◆ **GIVEN RECORDS**
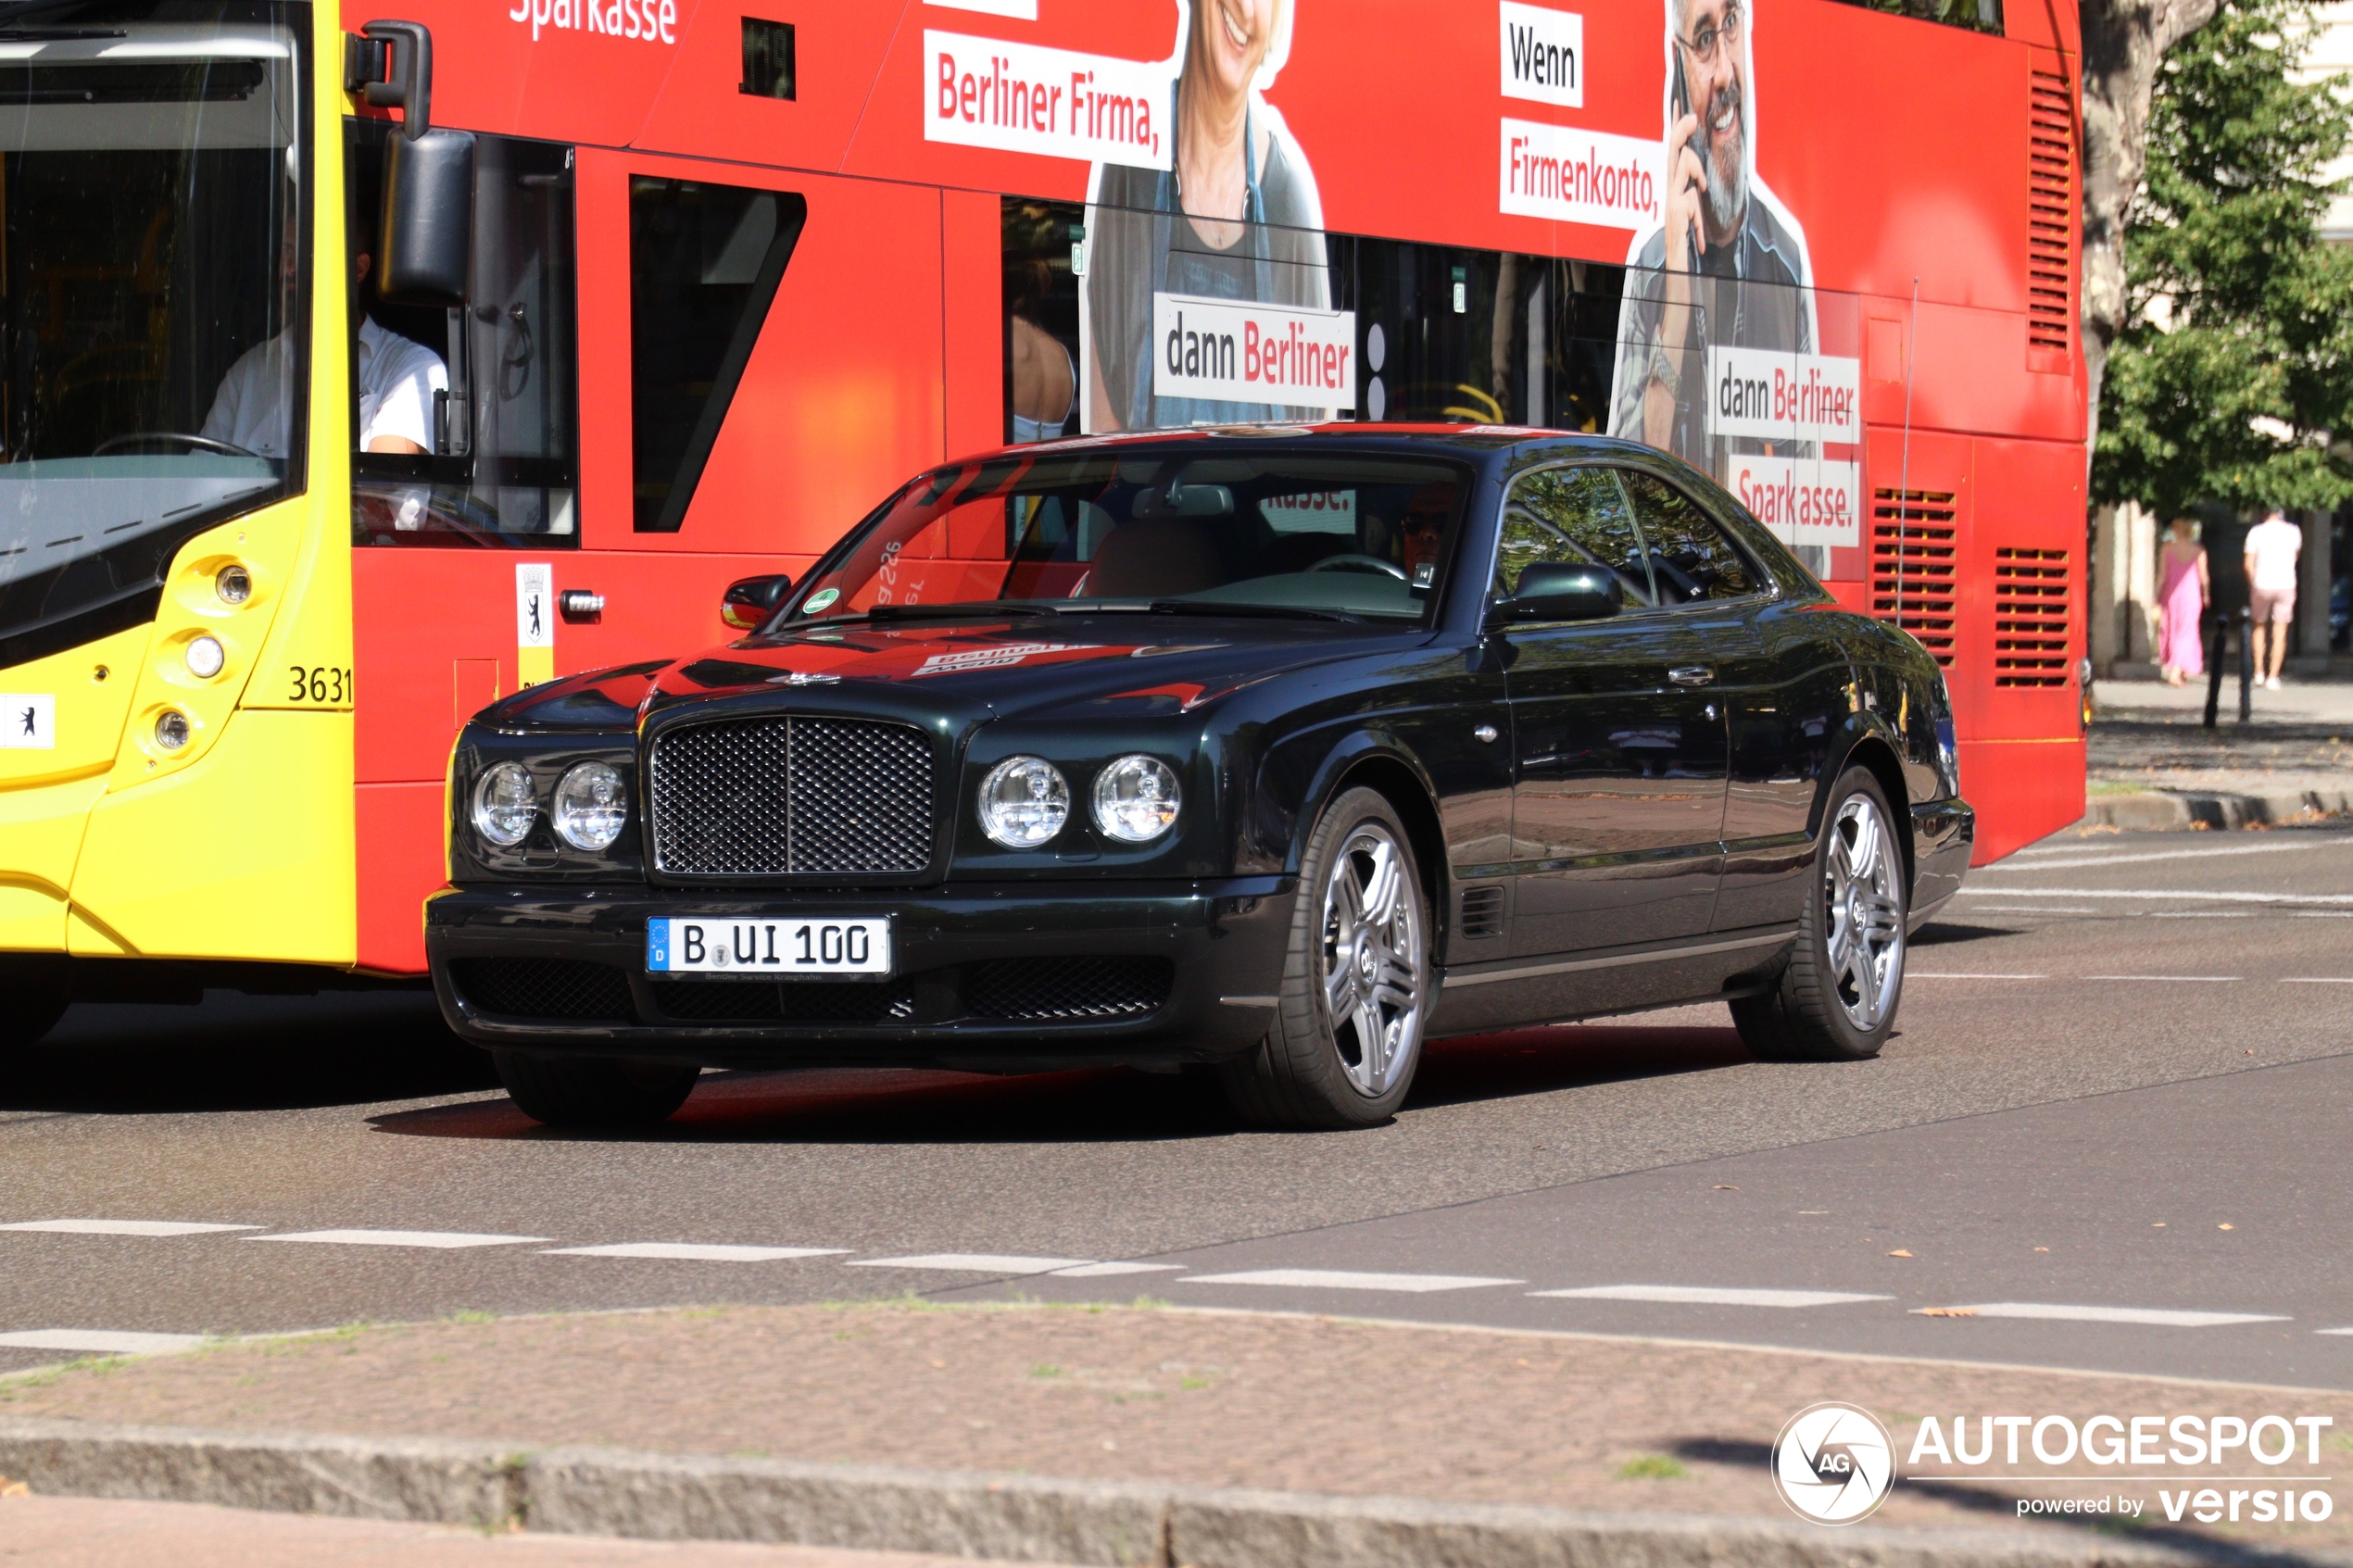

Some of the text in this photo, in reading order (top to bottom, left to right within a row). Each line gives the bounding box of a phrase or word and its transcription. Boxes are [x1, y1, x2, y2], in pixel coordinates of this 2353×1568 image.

[1509, 22, 1575, 89] Wenn
[937, 52, 1159, 158] Berliner Firma,
[1510, 135, 1658, 222] Firmenkonto,
[1166, 310, 1349, 389] dann Berliner
[1719, 360, 1855, 427] dann Berliner
[288, 665, 351, 704] 3631
[655, 950, 664, 961] D
[684, 925, 869, 965] B UI 100
[705, 972, 738, 982] Bentley
[739, 972, 772, 981] Service

◆ **EXERCISE DIRECTIONS**
Reproduce these records exactly, but not the pictures.

◆ **REPLY TO THE TASK**
Some of the text in this photo, in reading order (top to bottom, left to right within a row). Each line gives the bounding box of a phrase or word and its transcription. Boxes are [x1, y1, x2, y2], in pixel coordinates of this 2353×1568 image.

[1509, 22, 1575, 89] Wenn
[937, 52, 1159, 158] Berliner Firma,
[1510, 135, 1658, 222] Firmenkonto,
[1166, 310, 1349, 389] dann Berliner
[1719, 360, 1855, 427] dann Berliner
[288, 665, 351, 704] 3631
[655, 950, 664, 961] D
[684, 925, 869, 965] B UI 100
[705, 972, 738, 982] Bentley
[739, 972, 772, 981] Service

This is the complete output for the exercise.